Элберт Хаббард был одним из самых интересных американских персонажей своего времени. Он обладал редкой способностью выражения и использовал ее, чтобы служить делу здравого смысла в этой стране.

<…>

Я навещал его в Ист-Авроре и был читателем его публикаций с самого начала. Элберт Хаббард заслуживает постоянного места в наших библиотеках.

Генри Форд

По иронии судьбы Элберт Хаббард, один из самых читаемых авторов своего времени, которого можно по праву поставить в один ряд с «благороднейшим из благородных» Ральфом Уолдо Эмерсоном, сегодня практически забыт. По этому поводу вспоминается один известный афоризм Хаббарда, который как нельзя лучше характеризует его обаятельно-снисходительное отношение к неизбежным превратностям судьбы:

Не относитесь к жизни слишком серьезно, все равно никто не выберется живым.

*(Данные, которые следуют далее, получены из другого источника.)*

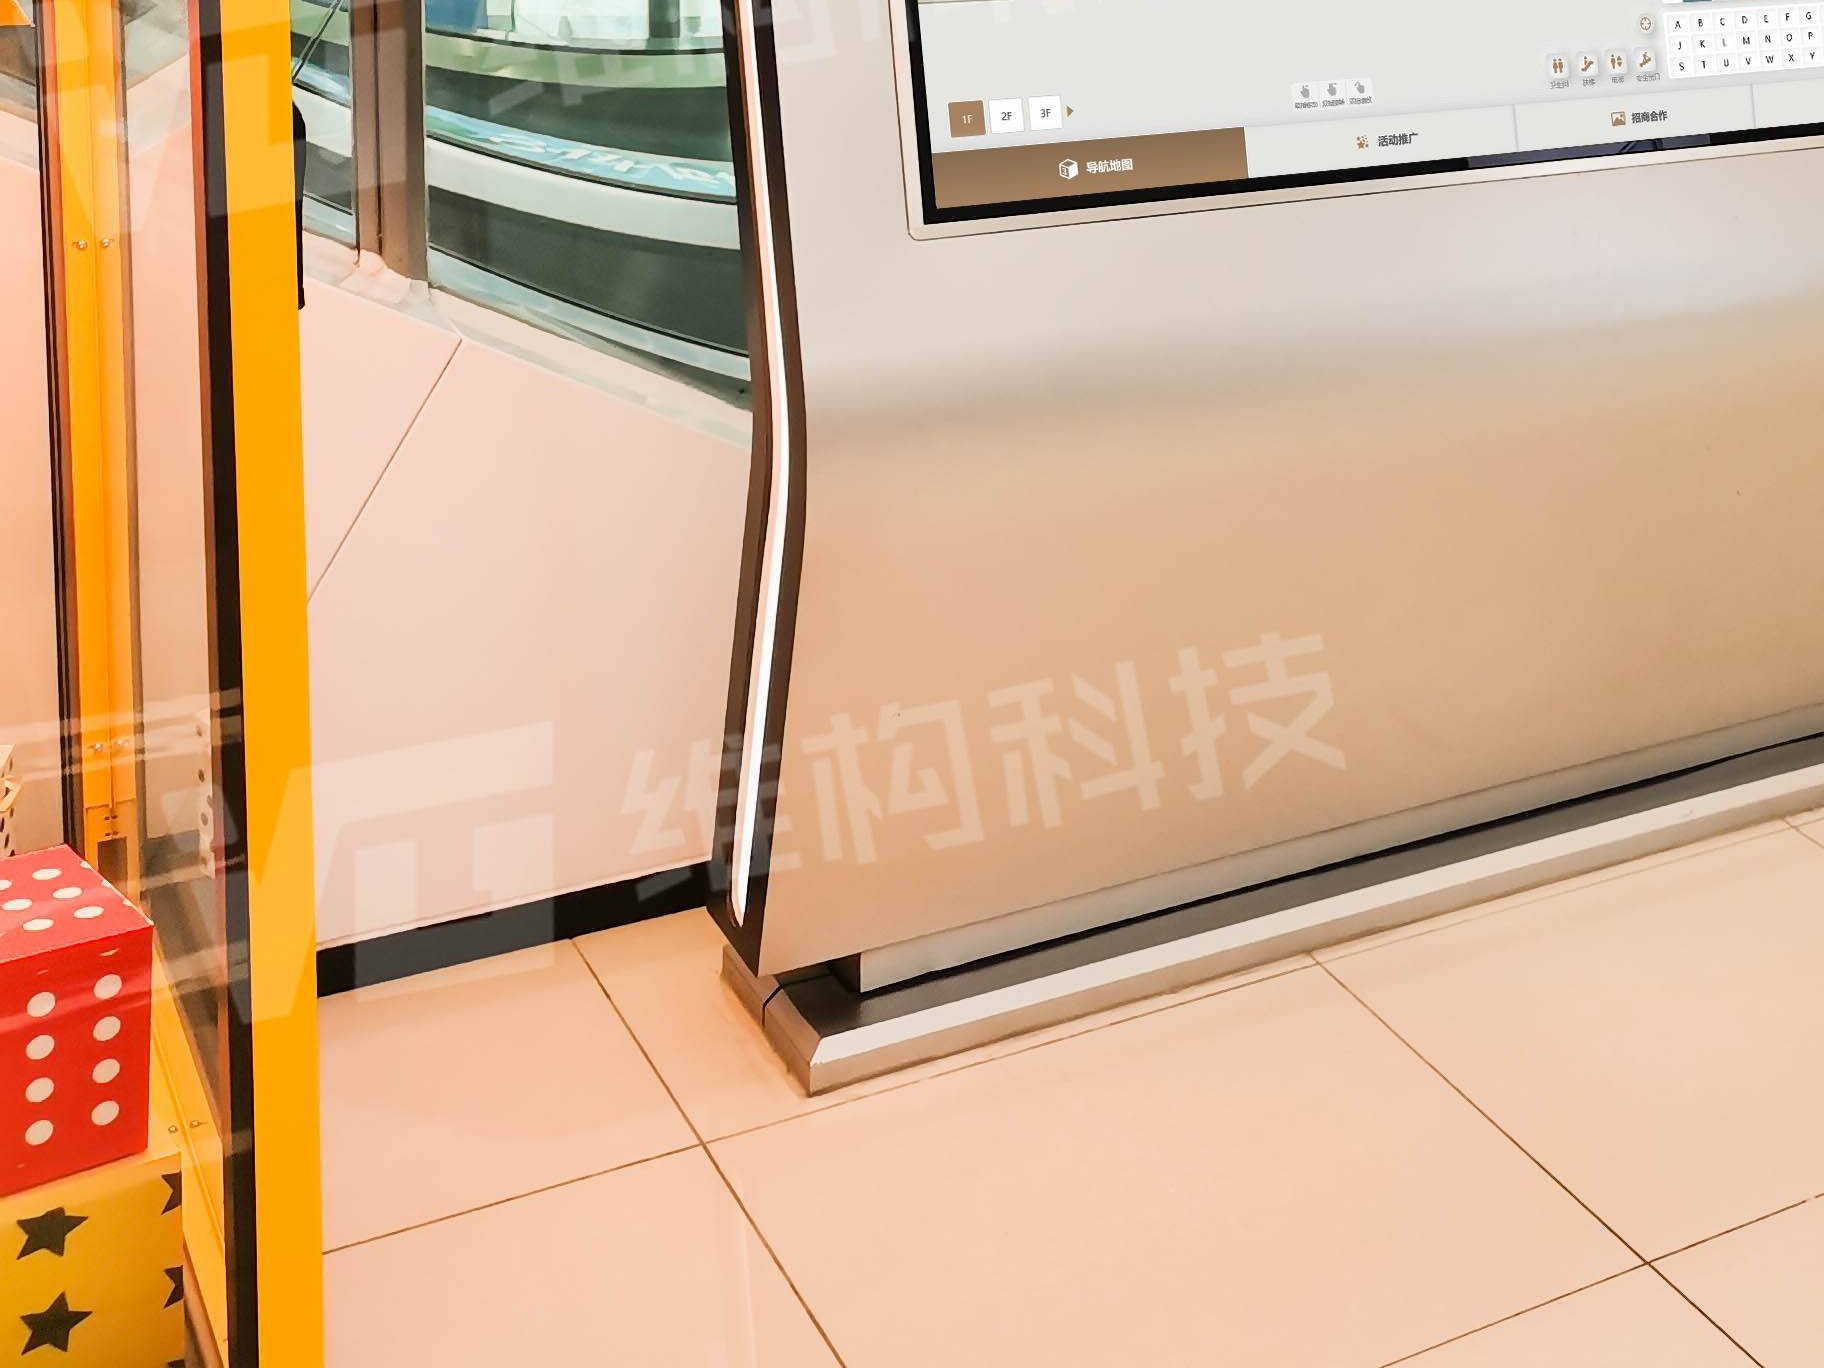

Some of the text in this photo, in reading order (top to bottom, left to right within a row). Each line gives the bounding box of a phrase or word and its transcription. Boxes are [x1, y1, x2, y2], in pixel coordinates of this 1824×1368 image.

И всё же его поступок — остаться с женой на тонущей «Лузитании», которая была потоплена немецкой подлодкой в начале Первой мировой войны — не канет в Лету. Как и его впечатляющее литературное наследие, пронизанное духом свободы, гуманизма и просвещения. Такие выдающиеся личности не исчезают, а сияют ещё ярче в Вечности.

*

О книге

В настоящей книге представлены три очерка Хаббарда о великих художниках Возрождения: Леонардо, Боттичелли и Рафаэле.

В этих текстах, взятых из упомянутых выше «Путешествий», читатель не обнаружит бульварных сенсаций, которыми так изобилуют публикации нашего времени. Ибо шокировать — это удел дилетантов. Хорошо знакомый с многочисленными апокрифами, автор тактично оставляет их в стороне, хотя иногда и позволяет себе некоторые смелые вольности. Но всякий раз он делает это с какой-то восхитительной, романтической лёгкостью. И с единственной целью — создать притягательный, цельный образ своих героев, выявляя их непростые характеры на фоне противоречивых времён. Не стоит забывать, что Хаббард — художник слова, а не ученый, и что по прошествии столетий все накопившиеся пробелы в биографиях своих героев он восполняет двумя единственными доступными ему инструментами — здравым смыслом и воображением. И, надо признать, выполняет свою задачу добросовестно.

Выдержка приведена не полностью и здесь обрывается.